Some times life happens and you have to cancel an eBay listing. Over the years I have been forced to cancel a couple. Once the item went missing, it was never found. I kept all my eBay items in one spot and I noticed that a necklace was not were I put it. I could not find it and did not have what I needed to remake it. So I had to cancel the listing. What made it hard on me was that I had some good bids on it already. I ended up loosing the sale and still had to pay the insertion fee.

I was very lucky that I noticed it before there was less the 12 hours remaining on the auction and was able to cancel the listing. Other wise I would have had to manually cancel every bid on the necklace right up until the auction was over.
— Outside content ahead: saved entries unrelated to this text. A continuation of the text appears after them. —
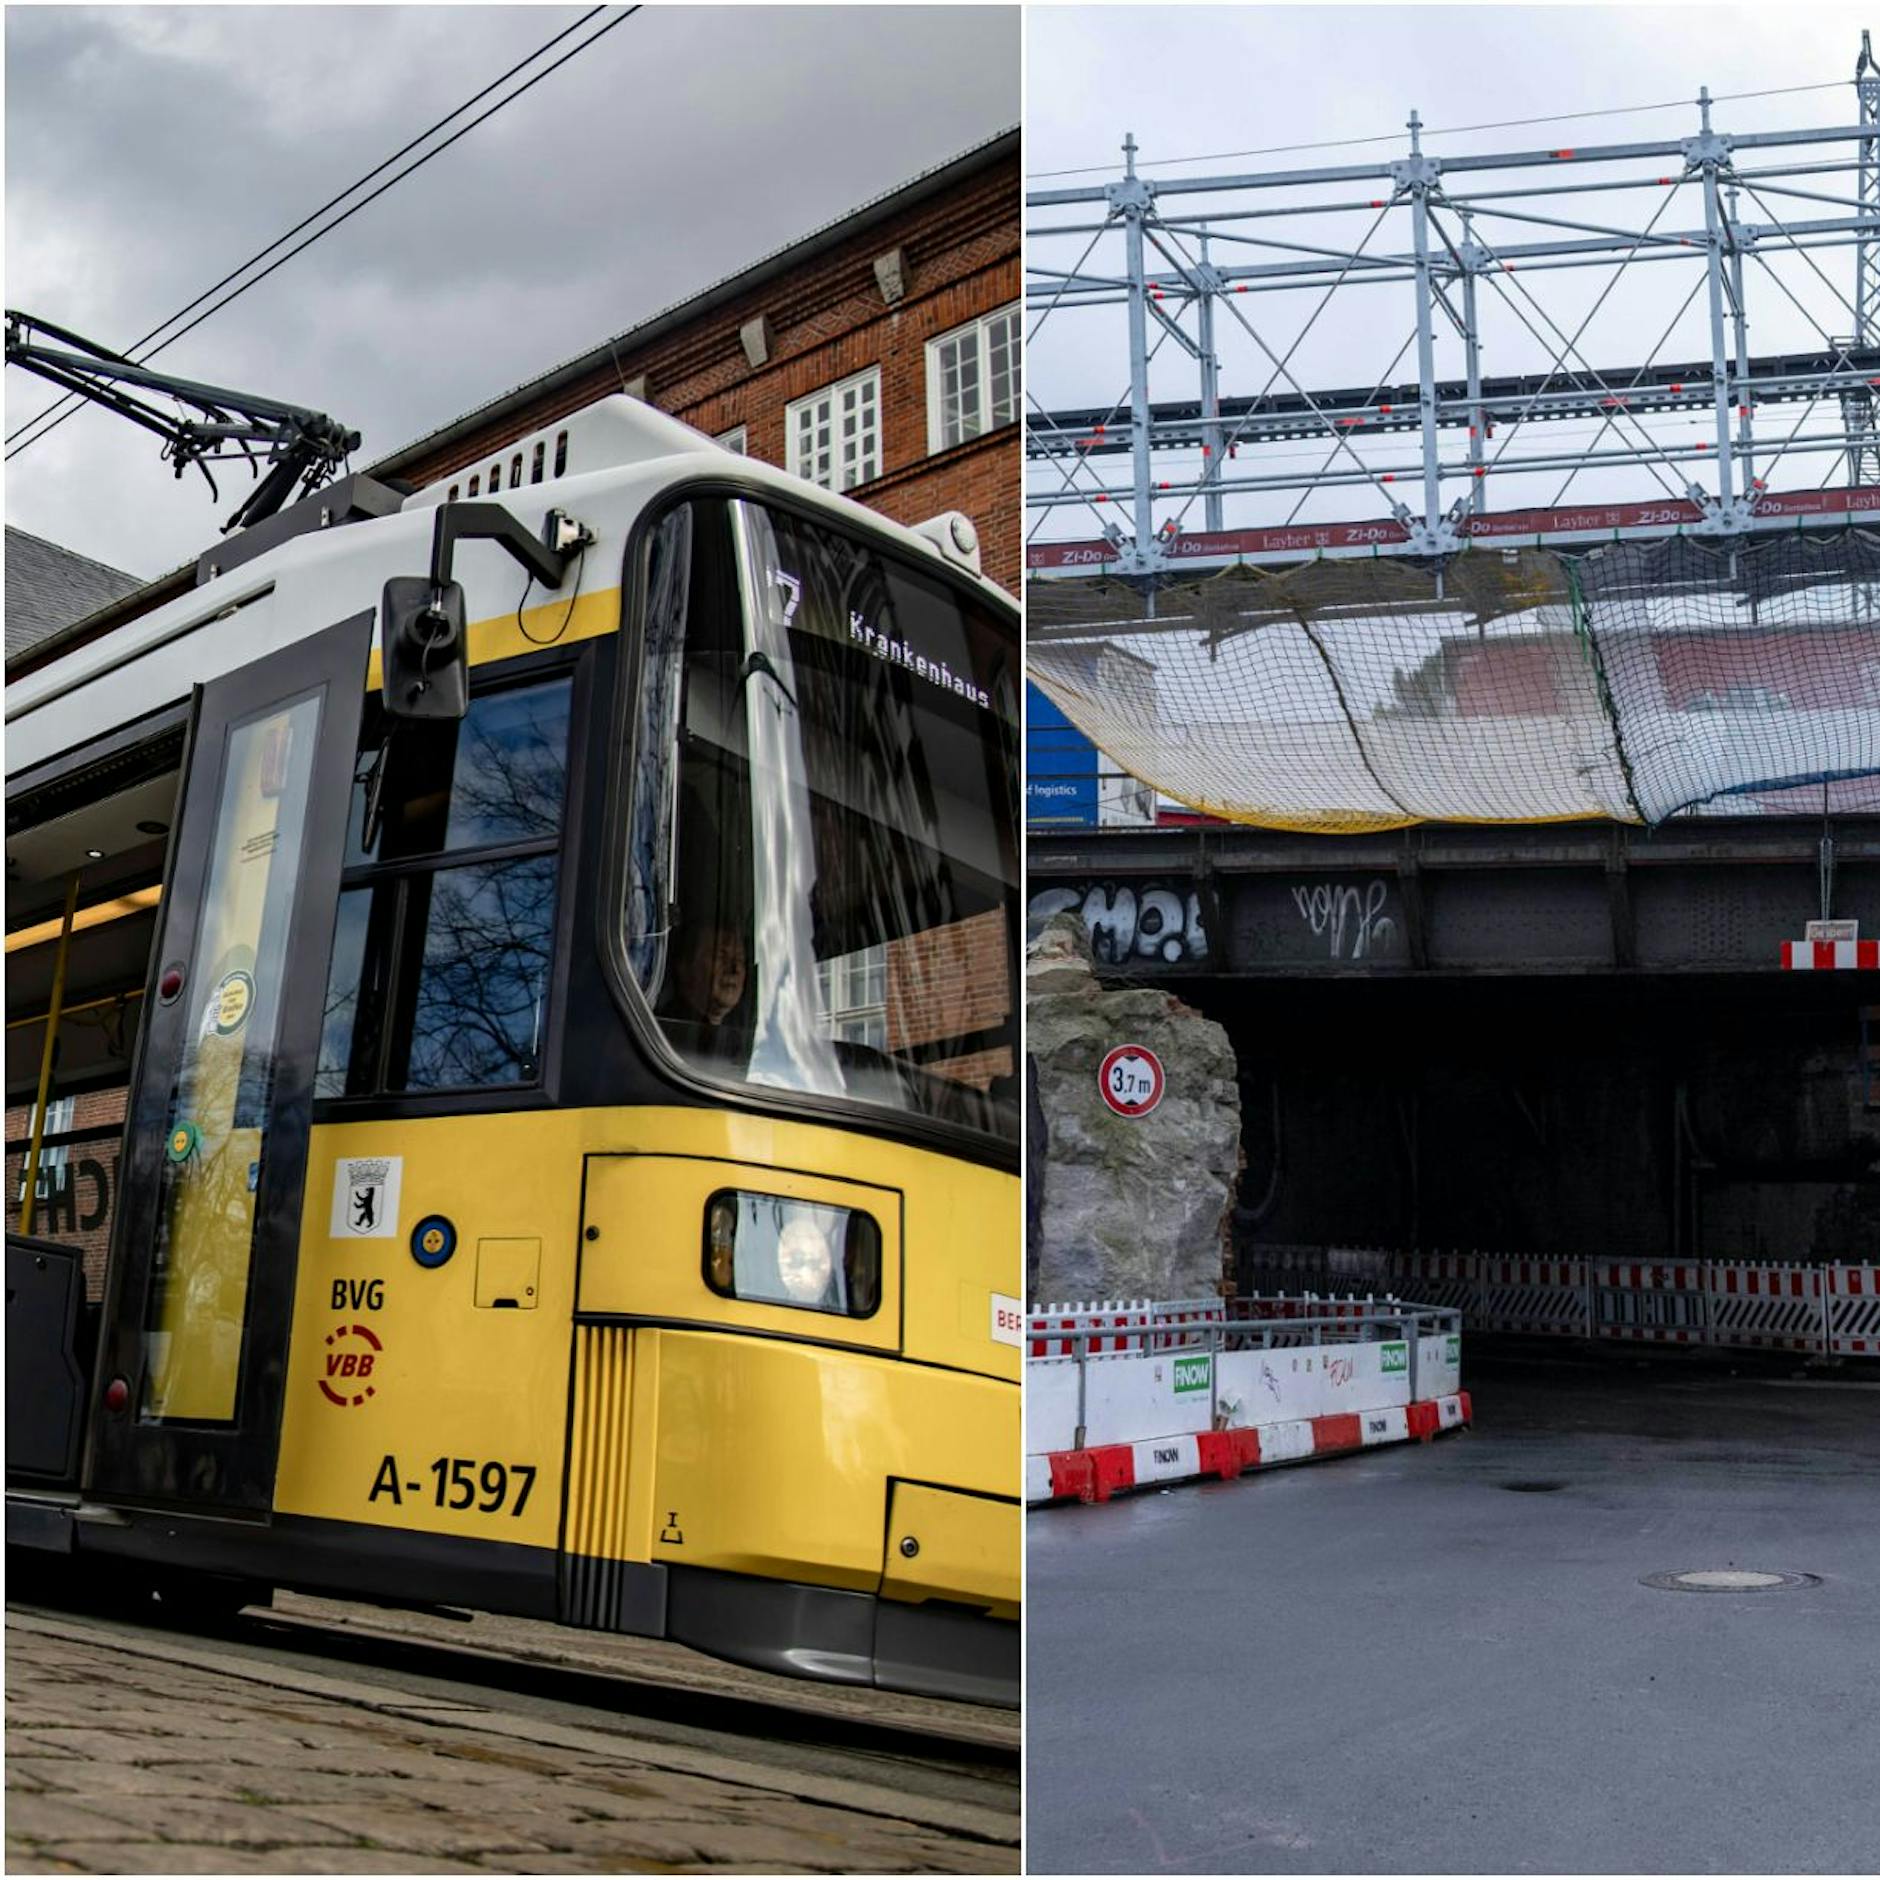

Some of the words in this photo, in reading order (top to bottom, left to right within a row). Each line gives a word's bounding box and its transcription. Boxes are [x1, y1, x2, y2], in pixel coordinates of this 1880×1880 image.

[1171, 541, 1202, 554] i-Do
[1346, 527, 1388, 542] Zi-Do
[1061, 550, 1103, 564] Zi-Do
[849, 610, 990, 709] Krankenhaus
[1034, 785, 1078, 798] logistics
[1138, 1079, 1151, 1094] m
[331, 1278, 385, 1311] BVG
[326, 1353, 375, 1377] VBB
That would have been difficult because people bid right up to the last second.

I explained to everyone that had a bid that the necklace was missing so I was cancelling the auction. This way they knew before they received an email from eBay saying their bid was cancelled. Once they knew I would not sell anything unless I had it right there people were ok about it. Not happy, but understood that I did not want to take the chance of selling them some thing I did not have. Good thing I did that as I never did find the necklace.

There are some very strict rules for when you can cancel an eBay listing. EBay does not like it when you cancel a listing and keeps a close eye on why people cancel a listing. Some people have cancelled listings because the bids were not as high as they wanted. So they would cancel the listing, and re-list hopping to get higher bids. That is what a reserve price is for. When people do this eBay sees it as reserve fee circumvention and will investigate if they feel some one is abusing the system to save that fee.

So how do you cancel an eBay listing? First you find the item number, you can get it from your confirmation email, the My eBay page, or the listing View Item Page. Then type the item number into the End My Listing Early form. If there are bids you will have to choose between cancel bids and end listing early or sell the item to the current highest bidder and end listing early. Then you choose the reason for ending the listing early.

OK reasons for ending the listing:
The item is no longer available for sale; changed your mind.
There was an error on the starting price or reserve amount; typo and not checking before posting.
There was an error in the listing; usually you can make a change unless it is under 12 hrs before the auction ends.
The item was lost or broken; the most common reason to end an auction, it happens to everyone some time or another.
Once you have done that the listing will end and is not displayed on eBay and any bidders are emailed that their bid will be cancelled.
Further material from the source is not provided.